Capillary (“Slow-Pull”) Technique

This technique involves slowly removing the stylet after puncturing a lesion, with back and- forth movement of the needle inside the lesion during stylet withdrawal. There is conflicting evidence that this may improve cytological diagnosis29 or whether it actually provides any actual suction,30 and there are currently no randomized trials evaluating this technique to FNA with no suction. Moreover, this technique requires that the lesion be punctured with the stylet in the needle, which is more cumbersome than using no stylet.

Wet Technique

This technique consists of removing the stylet and flushing the needle with saline prior to sampling the lesion. A syringe with residual saline is on the proximal part on the needle device. Maximal suction is applied once the needle is passed into the lesion and during the whole FNA sequence. The specimen is then expressed by flushing the material with the stylet or a syringe.31

A recent randomized-controlled trial using a 22-G needle comparing standard air-dry specimen expression versus wet technique showed significantly better specimen cell-block adequacy (86% vs. 75%, p<0.035).32


Sampling Different Areas of the Same Lesion: “Fanning” or “Multiple Pass” Techniques

To sample different areas of the same lesion during the same pass, a “fanning” technique may be possible if the lesion is sufficiently soft.

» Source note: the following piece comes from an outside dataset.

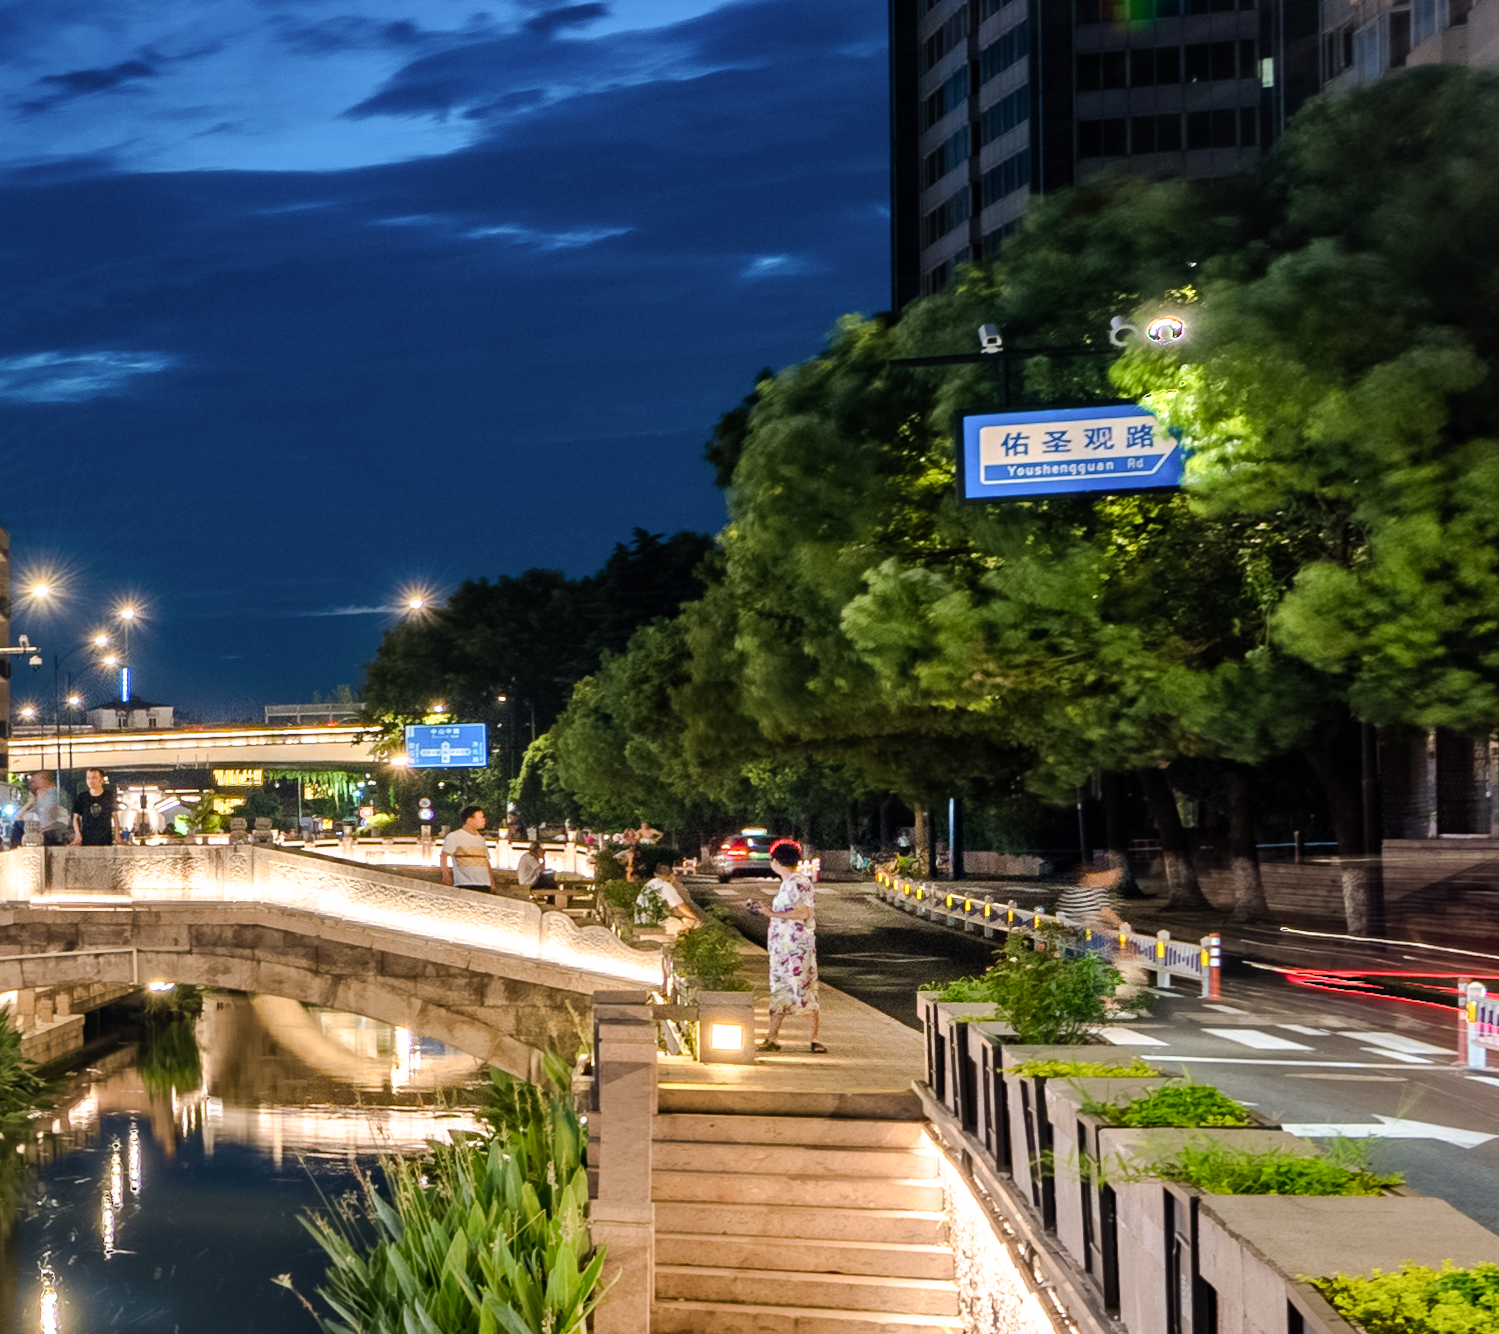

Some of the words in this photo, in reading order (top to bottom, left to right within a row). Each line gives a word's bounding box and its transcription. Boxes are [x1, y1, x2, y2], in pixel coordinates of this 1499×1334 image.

[1000, 424, 1154, 457] 佑圣观路
[1007, 460, 1114, 477] Youshengguan
[1127, 457, 1144, 469] Rd
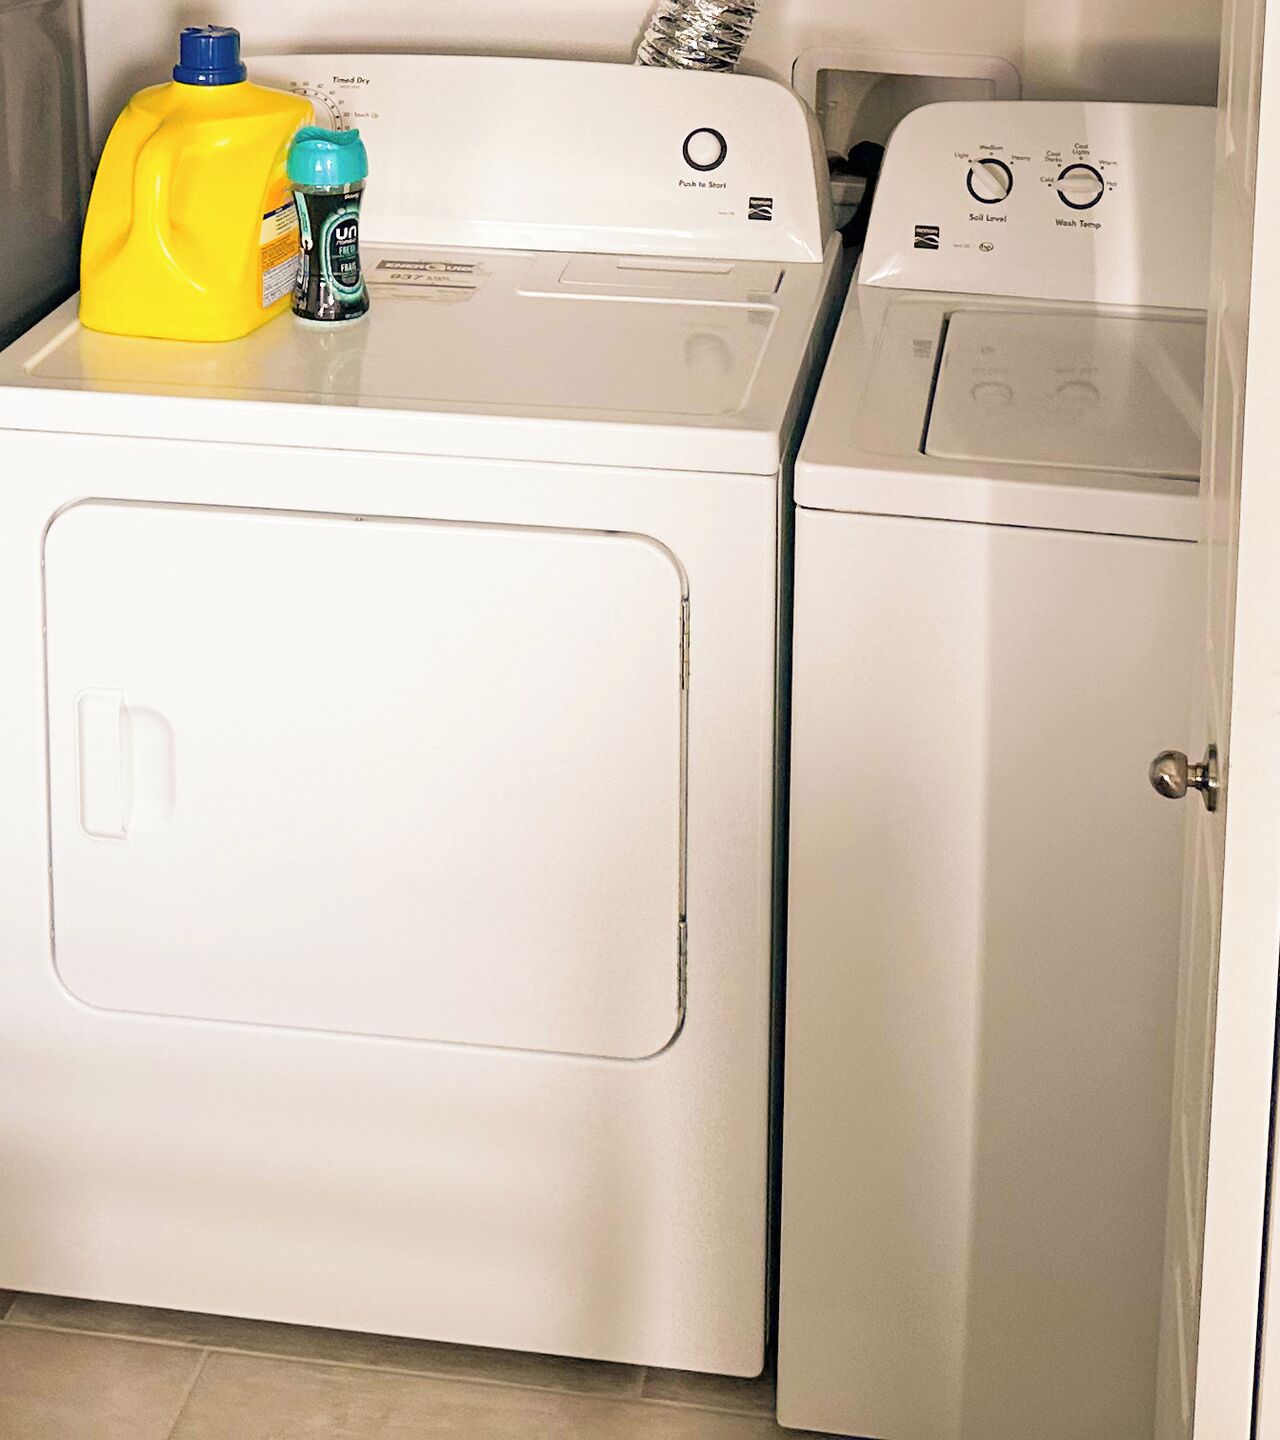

Fanning is obtained by manipulation of the elevator and/or up/down tip deflection to guide the needle into different regions of the target lesion or to orient the needle into the long axis of an oval or oblong lesion—without withdrawing the needle from the lesion.33

However, if the lesion is too hard, adequate fanning may be impossible. In this case, the “multiple pass” technique may be used. This involves sampling widely through the lesion many times, before removing the needle from the scope. The needle is moved through the entire diameter of the lesion for 5 to 10 strokes; the needle is withdrawn from the lesion (but not from the intestinal wall if possible) and moved to a different region of the lesion. Approximately five regions per lesion are sampled before processing the sample. The multipass technique differs from the “fanning” technique in that the latter involves trying to sample different regions without removing the needle completely from the lesion.34

Some authors favor a “door knocking” movement. The stopper is set at an appropriate distance, and then the handle is moved rapidly back and forth so that it “knocks” on the stopper. There is however no evidence that this technique improves results.35

Endoscopic Ultrasound-Guided Fine-Needle Biopsy

Endoscopic ultrasound-guided fine-needle biopsy (EUS-FNB) by novel 19-G and 22-G ProCore™ needles has demonstrated a high yield in obtaining histologic samples, whereas 25-G ProCore™ seems unsuitable for histology. Data on the newly developed 20-G ProCore™, SharkCore® and Acquire® needles are limited, but appear very promising.36

In perspective, EUS-FNB is expected to refine differential diagnostic capabilities, favor widespread EUS utilization, and pave the road to targeted therapies and monitoring of treatment response.37


EUS-FNA is a powerful clinical tool. It can be technically challenging, but often straightforward if the lesion can be located, is sufficiently large, and can be brought in to the needle path with the echoendoscope in a fairly straight position. Many additions to the basic EUS-FNA technique have been described, but none appear to clearly improve the yield other than (1) moving the needle effectively, (2) sampling many different areas of the lesion, and (3) using a smaller (25-G) needle. The stylet should not be used, because all the data show that it does not improve results, but increases procedural complexity. Suction may provide a role in acquiring better pancreatic samples. Quality comparative trials will be required before modifications to the basic FNA technique that have been described above.